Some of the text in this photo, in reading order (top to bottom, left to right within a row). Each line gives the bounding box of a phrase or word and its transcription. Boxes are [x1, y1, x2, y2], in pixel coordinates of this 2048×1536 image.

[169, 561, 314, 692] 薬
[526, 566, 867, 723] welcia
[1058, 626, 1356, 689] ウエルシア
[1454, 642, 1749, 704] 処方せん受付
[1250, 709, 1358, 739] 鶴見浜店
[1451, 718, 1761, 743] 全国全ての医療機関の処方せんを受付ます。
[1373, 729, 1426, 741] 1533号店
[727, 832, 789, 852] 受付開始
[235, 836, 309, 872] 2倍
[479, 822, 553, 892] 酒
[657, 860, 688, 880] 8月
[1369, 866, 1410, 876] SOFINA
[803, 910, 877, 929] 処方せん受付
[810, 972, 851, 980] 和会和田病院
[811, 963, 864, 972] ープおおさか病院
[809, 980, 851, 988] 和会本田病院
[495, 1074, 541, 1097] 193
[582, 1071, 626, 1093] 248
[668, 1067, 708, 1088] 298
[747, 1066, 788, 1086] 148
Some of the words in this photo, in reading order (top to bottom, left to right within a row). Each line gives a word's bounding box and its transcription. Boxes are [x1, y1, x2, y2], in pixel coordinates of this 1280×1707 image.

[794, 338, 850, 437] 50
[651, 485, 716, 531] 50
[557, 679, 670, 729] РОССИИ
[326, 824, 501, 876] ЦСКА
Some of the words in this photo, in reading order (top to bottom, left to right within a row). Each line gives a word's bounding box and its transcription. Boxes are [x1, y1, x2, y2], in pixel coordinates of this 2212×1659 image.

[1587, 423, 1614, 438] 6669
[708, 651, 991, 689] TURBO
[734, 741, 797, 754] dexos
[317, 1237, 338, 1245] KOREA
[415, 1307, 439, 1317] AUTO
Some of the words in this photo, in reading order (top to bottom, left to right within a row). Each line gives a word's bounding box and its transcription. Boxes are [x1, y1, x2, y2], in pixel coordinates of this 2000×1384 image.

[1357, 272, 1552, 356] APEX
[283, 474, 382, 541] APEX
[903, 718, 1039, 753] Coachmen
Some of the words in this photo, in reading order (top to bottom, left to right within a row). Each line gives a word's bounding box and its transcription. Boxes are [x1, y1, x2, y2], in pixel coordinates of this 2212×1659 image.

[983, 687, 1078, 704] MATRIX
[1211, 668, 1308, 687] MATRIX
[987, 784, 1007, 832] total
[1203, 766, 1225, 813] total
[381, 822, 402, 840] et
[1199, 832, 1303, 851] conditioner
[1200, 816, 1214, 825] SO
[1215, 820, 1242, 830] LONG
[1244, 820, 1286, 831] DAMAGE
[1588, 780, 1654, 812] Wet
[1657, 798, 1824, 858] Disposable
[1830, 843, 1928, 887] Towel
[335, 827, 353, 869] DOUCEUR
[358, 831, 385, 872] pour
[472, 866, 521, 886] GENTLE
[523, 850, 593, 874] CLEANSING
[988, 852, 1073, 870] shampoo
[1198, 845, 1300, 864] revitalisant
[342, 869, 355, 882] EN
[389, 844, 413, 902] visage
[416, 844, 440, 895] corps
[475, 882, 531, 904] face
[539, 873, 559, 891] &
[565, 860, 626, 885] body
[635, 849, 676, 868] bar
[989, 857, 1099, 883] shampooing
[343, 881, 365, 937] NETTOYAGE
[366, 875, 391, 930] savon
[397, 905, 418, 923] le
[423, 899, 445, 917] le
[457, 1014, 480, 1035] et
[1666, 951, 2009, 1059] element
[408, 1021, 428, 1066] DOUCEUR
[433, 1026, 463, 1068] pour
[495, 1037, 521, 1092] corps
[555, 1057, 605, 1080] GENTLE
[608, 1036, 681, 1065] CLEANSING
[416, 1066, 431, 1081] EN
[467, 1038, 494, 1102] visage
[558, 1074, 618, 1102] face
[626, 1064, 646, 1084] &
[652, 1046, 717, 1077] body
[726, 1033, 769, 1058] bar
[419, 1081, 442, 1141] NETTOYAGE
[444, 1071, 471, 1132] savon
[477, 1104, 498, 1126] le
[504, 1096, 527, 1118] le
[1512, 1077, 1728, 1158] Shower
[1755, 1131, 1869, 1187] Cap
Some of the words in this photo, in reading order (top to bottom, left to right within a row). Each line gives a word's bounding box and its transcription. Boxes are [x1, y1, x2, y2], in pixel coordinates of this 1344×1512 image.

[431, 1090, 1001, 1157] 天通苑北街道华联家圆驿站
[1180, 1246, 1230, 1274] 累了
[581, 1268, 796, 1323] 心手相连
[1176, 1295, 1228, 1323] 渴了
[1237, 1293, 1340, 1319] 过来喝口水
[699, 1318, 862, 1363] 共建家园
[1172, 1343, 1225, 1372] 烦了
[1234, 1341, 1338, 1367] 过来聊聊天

————————

→ Work instructions
Each record above has to be printed again, word for word.

→ Solution
Some of the text in this photo, in reading order (top to bottom, left to right within a row). Each line gives the bounding box of a phrase or word and its transcription. Boxes are [x1, y1, x2, y2], in pixel coordinates of this 2048×1536 image.

[169, 561, 314, 692] 薬
[526, 566, 867, 723] welcia
[1058, 626, 1356, 689] ウエルシア
[1454, 642, 1749, 704] 処方せん受付
[1250, 709, 1358, 739] 鶴見浜店
[1451, 718, 1761, 743] 全国全ての医療機関の処方せんを受付ます。
[1373, 729, 1426, 741] 1533号店
[727, 832, 789, 852] 受付開始
[235, 836, 309, 872] 2倍
[479, 822, 553, 892] 酒
[657, 860, 688, 880] 8月
[1369, 866, 1410, 876] SOFINA
[803, 910, 877, 929] 処方せん受付
[810, 972, 851, 980] 和会和田病院
[811, 963, 864, 972] ープおおさか病院
[809, 980, 851, 988] 和会本田病院
[495, 1074, 541, 1097] 193
[582, 1071, 626, 1093] 248
[668, 1067, 708, 1088] 298
[747, 1066, 788, 1086] 148
Some of the words in this photo, in reading order (top to bottom, left to right within a row). Each line gives a word's bounding box and its transcription. Boxes are [x1, y1, x2, y2], in pixel coordinates of this 1280×1707 image.

[794, 338, 850, 437] 50
[651, 485, 716, 531] 50
[557, 679, 670, 729] РОССИИ
[326, 824, 501, 876] ЦСКА
Some of the words in this photo, in reading order (top to bottom, left to right within a row). Each line gives a word's bounding box and its transcription. Boxes are [x1, y1, x2, y2], in pixel coordinates of this 2212×1659 image.

[1587, 423, 1614, 438] 6669
[708, 651, 991, 689] TURBO
[734, 741, 797, 754] dexos
[317, 1237, 338, 1245] KOREA
[415, 1307, 439, 1317] AUTO
Some of the words in this photo, in reading order (top to bottom, left to right within a row). Each line gives a word's bounding box and its transcription. Boxes are [x1, y1, x2, y2], in pixel coordinates of this 2000×1384 image.

[1357, 272, 1552, 356] APEX
[283, 474, 382, 541] APEX
[903, 718, 1039, 753] Coachmen
Some of the words in this photo, in reading order (top to bottom, left to right within a row). Each line gives a word's bounding box and its transcription. Boxes are [x1, y1, x2, y2], in pixel coordinates of this 2212×1659 image.

[983, 687, 1078, 704] MATRIX
[1211, 668, 1308, 687] MATRIX
[987, 784, 1007, 832] total
[1203, 766, 1225, 813] total
[381, 822, 402, 840] et
[1199, 832, 1303, 851] conditioner
[1200, 816, 1214, 825] SO
[1215, 820, 1242, 830] LONG
[1244, 820, 1286, 831] DAMAGE
[1588, 780, 1654, 812] Wet
[1657, 798, 1824, 858] Disposable
[1830, 843, 1928, 887] Towel
[335, 827, 353, 869] DOUCEUR
[358, 831, 385, 872] pour
[472, 866, 521, 886] GENTLE
[523, 850, 593, 874] CLEANSING
[988, 852, 1073, 870] shampoo
[1198, 845, 1300, 864] revitalisant
[342, 869, 355, 882] EN
[389, 844, 413, 902] visage
[416, 844, 440, 895] corps
[475, 882, 531, 904] face
[539, 873, 559, 891] &
[565, 860, 626, 885] body
[635, 849, 676, 868] bar
[989, 857, 1099, 883] shampooing
[343, 881, 365, 937] NETTOYAGE
[366, 875, 391, 930] savon
[397, 905, 418, 923] le
[423, 899, 445, 917] le
[457, 1014, 480, 1035] et
[1666, 951, 2009, 1059] element
[408, 1021, 428, 1066] DOUCEUR
[433, 1026, 463, 1068] pour
[495, 1037, 521, 1092] corps
[555, 1057, 605, 1080] GENTLE
[608, 1036, 681, 1065] CLEANSING
[416, 1066, 431, 1081] EN
[467, 1038, 494, 1102] visage
[558, 1074, 618, 1102] face
[626, 1064, 646, 1084] &
[652, 1046, 717, 1077] body
[726, 1033, 769, 1058] bar
[419, 1081, 442, 1141] NETTOYAGE
[444, 1071, 471, 1132] savon
[477, 1104, 498, 1126] le
[504, 1096, 527, 1118] le
[1512, 1077, 1728, 1158] Shower
[1755, 1131, 1869, 1187] Cap
Some of the words in this photo, in reading order (top to bottom, left to right within a row). Each line gives a word's bounding box and its transcription. Boxes are [x1, y1, x2, y2], in pixel coordinates of this 1344×1512 image.

[431, 1090, 1001, 1157] 天通苑北街道华联家圆驿站
[1180, 1246, 1230, 1274] 累了
[581, 1268, 796, 1323] 心手相连
[1176, 1295, 1228, 1323] 渴了
[1237, 1293, 1340, 1319] 过来喝口水
[699, 1318, 862, 1363] 共建家园
[1172, 1343, 1225, 1372] 烦了
[1234, 1341, 1338, 1367] 过来聊聊天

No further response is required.